Um raro testemunho dos irmãos Valentiniano e Valente
Segundo a Britannica, no dia 17 de Novembro do ano 375, na cidade de Brigetio, na província romana da Panónia Inferior (atualmente em território húngaro), o imperador romano do Ocidente Valentiniano I denunciava exaltadamente os ataques ao Império por parte da tribo germânica dos Quadi, quando terá sido acometido por um ataque vascular que lhe levou a vida. Isto depois de ter passado os seus últimos anos a desenvolver um sistema defensivo do limite imperial no Reno, quando a invasão dos Quadi, em 375, o levou à fronteira do Danúbio. O dia-a-dia dos imperadores romanos seria isto, praticamente até ao final do Império no Ocidente.

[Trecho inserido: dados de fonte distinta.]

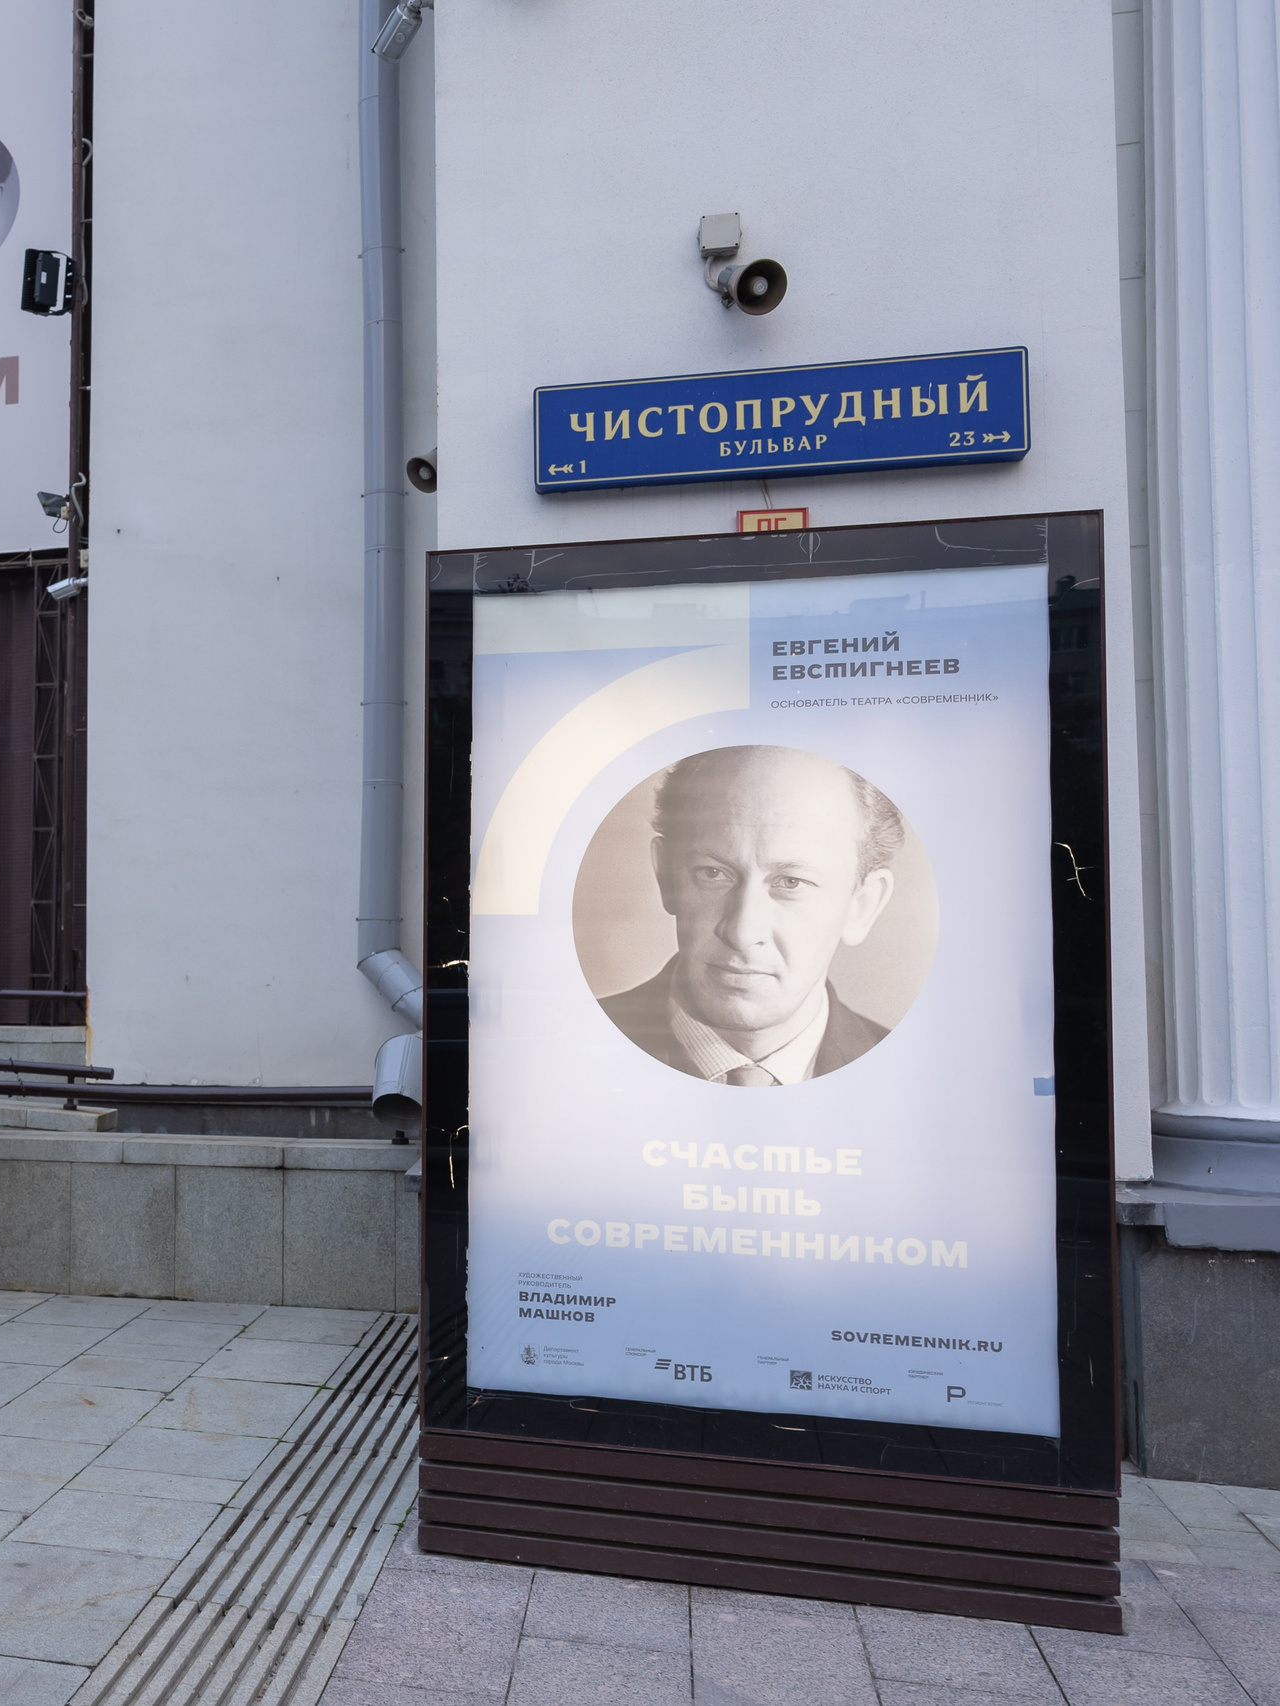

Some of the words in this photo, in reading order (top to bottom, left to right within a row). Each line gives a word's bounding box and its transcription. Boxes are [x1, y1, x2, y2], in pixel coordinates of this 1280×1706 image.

[569, 373, 989, 443] ЧИСТОПРУДНЫЙ
[719, 433, 828, 458] БУЛЬВАР
[949, 430, 976, 448] 23
[580, 458, 587, 475] 1
[772, 630, 901, 657] ЕВГЕНИЙ
[772, 658, 961, 681] ЕВСТИГНЕЕВ
[771, 697, 848, 710] ОСНОВАТЕЛЬ
[850, 695, 892, 708] ТЕАТРА
[895, 692, 999, 706] «СОВРЕМЕННИК»
[642, 1140, 862, 1177] СЧАСТЬЕ
[682, 1183, 822, 1217] БЫТЬ
[546, 1218, 969, 1268] СОВРЕМЕННИКОМ
[518, 1272, 583, 1282] ХУДОЖЕСТВЕННЫЙ
[518, 1280, 571, 1289] РУКОВОДИТЕЛЬ
[519, 1291, 617, 1308] ВЛАДИМИР
[519, 1307, 595, 1323] МАШКОВ
[831, 1330, 1003, 1353] SOVREMENNIK.RU
[674, 1363, 713, 1382] ВТБ
[818, 1374, 872, 1386] ИСКУССТВО
[818, 1382, 850, 1392] НАУКА
[851, 1384, 858, 1392] И
[859, 1385, 892, 1395] СПОРТ
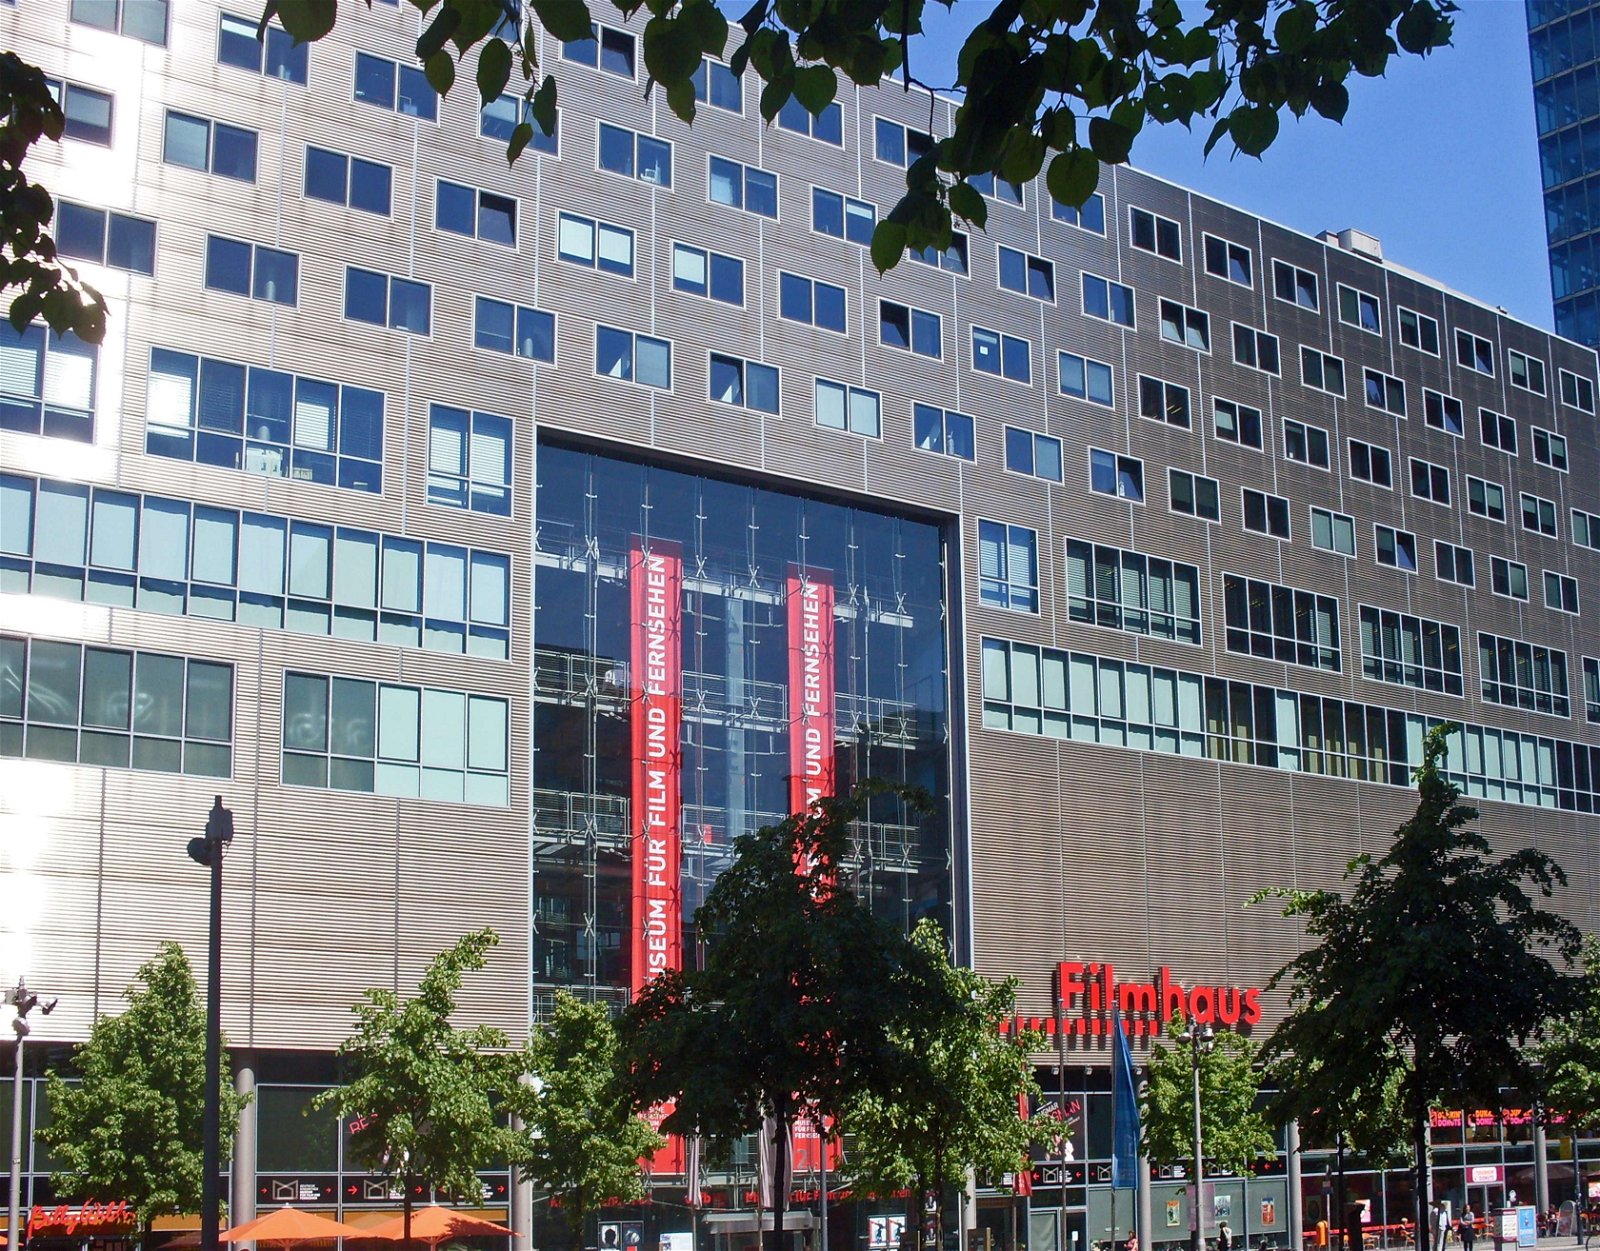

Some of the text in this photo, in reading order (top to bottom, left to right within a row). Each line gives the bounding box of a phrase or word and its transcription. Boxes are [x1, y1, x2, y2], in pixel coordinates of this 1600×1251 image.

[803, 582, 821, 717] FERNSEHEN
[643, 556, 667, 983] USEUM FÜR FILM UND FERNSEHEN
[805, 728, 822, 776] UND
[1059, 962, 1262, 1025] Filmhaus

Precisamente, a divisão do Império entre o Ocidente e Oriente, culturalmente marcada em vários aspetos, levou a que o cargo máximo fosse frequentemente partilhado entre duas entidades imperiais, que, contudo, eram considerados dois braços do mesmo poder. Foi por esta razão que Valentiniano, pouco depois da sua eleição, no ano 364, nomeou o seu irmão mais novo, Valente, como Augusto, atribuindo-lhe o governo do Império no Oriente. Assim, até ao trágico episódio de Brigetio, que matou Valentiniano pelos 54 anos, os dois irmãos mantiveram o título de Augusto em todo o império, sendo então habitual as homenagens e a ostentação de símbolos do poder fazerem referência a ambos.
Esta deambulação pelo poder imperial romano no século IV da nossa Era serve apenas para contextualizar uma curiosa peça arqueológica existente no Museu Martins Sarmento. Pois que enquanto Valentiniano se atormentava com as instáveis e perigosas movimentações das tribos germânicas na fronteira do Império e Valente com várias conspirações e golpes, bem como não menos perigosos ataques de turbulentos vizinhos, por aqui, no Noroeste da Ibéria, um escultor seguramente pago por uma individualidade ou entidade oficial, fazia-lhes singela homenagem.

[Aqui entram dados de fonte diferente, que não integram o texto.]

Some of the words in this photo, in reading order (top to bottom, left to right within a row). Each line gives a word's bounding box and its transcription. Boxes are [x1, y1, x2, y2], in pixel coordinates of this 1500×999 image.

Encontrada fora do seu contexto original, em Braga, por Albano Belino, este elemento de granito de configuração cilíndrica, com cerca de meio-metro de altura, conserva as desgastadas letras latinas de uma breve inscrição: "A Valentiniano e Valente, Senhores Nossos...". Tem sido considerada como um fragmento de marco miliário de uma via romana. Contudo, os seus limites superior e inferior, bem definidos, bem como o seu reduzido diâmetro, sugerem mais tratar-se de uma secção de coluna, que pode ter integrado um edifício ou um monumento. Em qualquer dos casos, está clara a homenagem imperial dupla, bem como a sua cronologia, entre os anos 364 e 375.

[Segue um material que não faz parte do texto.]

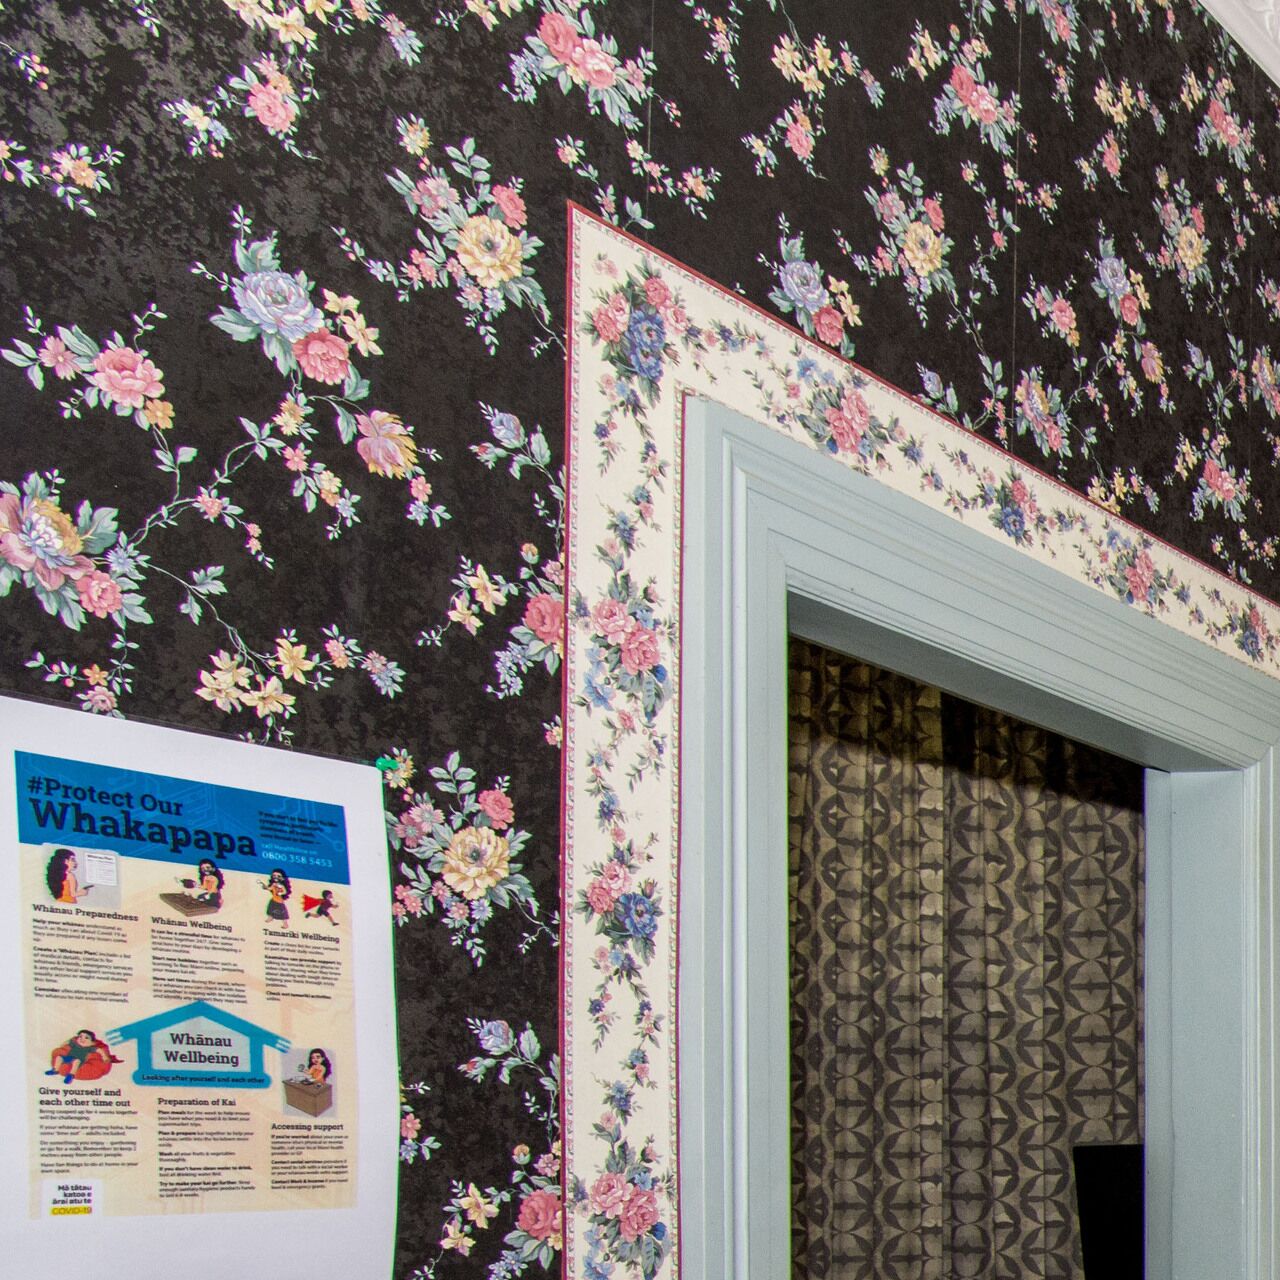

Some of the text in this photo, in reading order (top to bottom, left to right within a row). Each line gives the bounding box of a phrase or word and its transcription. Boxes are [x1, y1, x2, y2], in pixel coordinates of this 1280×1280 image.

[27, 776, 183, 816] #Protect Our
[28, 798, 257, 859] Whakapapa
[262, 851, 333, 867] 0800 358 5453
[75, 908, 139, 921] Preparedness
[189, 920, 232, 933] Wellbeing
[263, 928, 340, 944] Tamariki Wellbeing
[170, 1033, 232, 1047] Whānau
[164, 1050, 239, 1067] Wellbeing
[39, 1087, 121, 1098] Give yourself and
[39, 1098, 131, 1107] each other time out
[158, 1098, 236, 1107] Preparation of Kai
[271, 1123, 344, 1132] Accessing support
[51, 1206, 92, 1216] COVID-19

Não fossem os sempre atentos olhos de Albano Belino e o tosco cilindro de granito já estaria (ou continuaria) a calçar uma parede ou nas fundações de um qualquer muro, privando-nos de uma rara ligação à história europeia do século IV. Mesmo no Museu Martins Sarmento, o elemento passava despercebido até à sua recente valorização, recolocado num espaço que recebeu outros cilindros romanos, miliários, mas não só. Integrou a doação de Belino à Sociedade Martins Sarmento, em 1907.